La primera resolución: "Behemá shenijtejú ragleha" (un animal cuyas patas traseras fueron cortadas), "min haarkuvá ulmatá, kesherá". La arkuvá es aquí la articulación que corresponde a lo que llamaríamos la rodilla. Si el corte se produjo en cualquier punto desde esa articulación hacia abajo, el animal conserva su aptitud: puede recibir shejitá y su carne se come, ya que no se ha generado ninguna tereifá.
"Min haarkuvá ulmalá, pesulá". Si el miembro se corta más arriba, en un punto que rebasa esa articulación, el animal queda descalificado. Semejante herida pertenece a la categoría de lesiones de las que no hay recuperación; la criatura no tiene perspectiva de sobrevivir doce meses y, por lo tanto, ni siquiera una shejitá realizada perfectamente permite su carne.
"Vején shenital tzomet haguidín". El mismo veredicto se aplica cuando se ha quitado el tzomet haguidín. Tres tendones descienden por la parte posterior de la pata y se reúnen en un punto algo más alto que la articulación. Una vez que ese lugar de convergencia desaparece, el animal se ha vuelto tereifá, y la resolución se mantiene incluso cuando no se dañó ni un solo hueso.
Sigue un caso nuevo, en el que nada fue cortado del todo: un hueso se quebró y el miembro quedó colgando del cuerpo. "Nishbar haétzem". La fractura ocurrió por debajo de la arkuvá, pero la piel y la carne siguen sosteniendo el miembro en su lugar. ¿Cuál es entonces el estatus halájico de esa parte que pende?
"Im rov habasar kayam, shejitatá metaharto". Si la mayor parte de la carne que rodea la fractura permanece íntegra, de modo que el hueso quebrado sigue envuelto en carne y piel, el miembro se considera parte del animal mismo. La shejitá, en consecuencia, lo purifica igual que purifica el cuerpo del animal, y ese miembro puede comerse.
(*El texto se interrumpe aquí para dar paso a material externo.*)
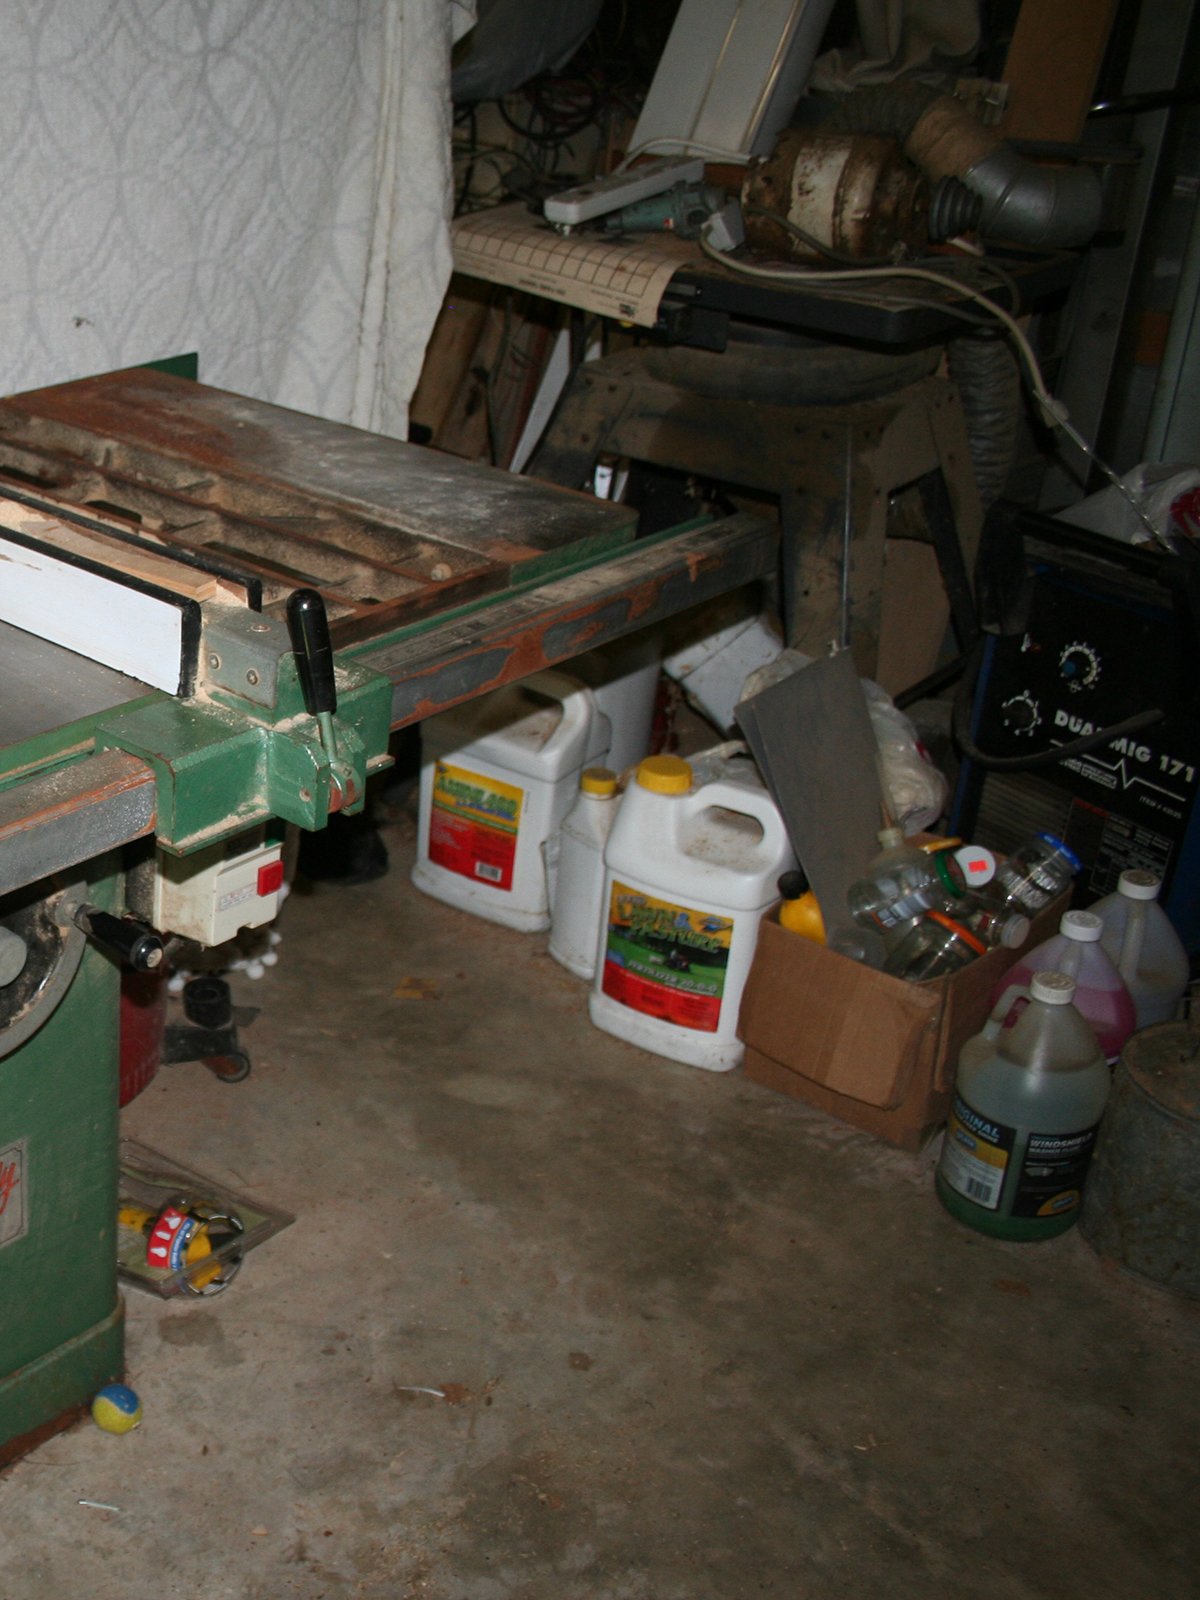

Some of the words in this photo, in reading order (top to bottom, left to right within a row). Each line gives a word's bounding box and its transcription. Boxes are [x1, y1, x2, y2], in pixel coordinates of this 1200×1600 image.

[1054, 709, 1103, 737] DUA
[1109, 737, 1151, 763] MIG
[1159, 755, 1195, 783] 171
"Veim lav, ein shejitatá metaharto". Cuando la mayor parte de la carne en la fractura se ha destruido, con la zona desgarrada y machacada, la shejitá no logra nada para ese miembro colgante. Aunque algo todavía lo une al cuerpo, la halajá lo ve como si ya se hubiera desprendido, y degollar al animal no modifica ese estatus.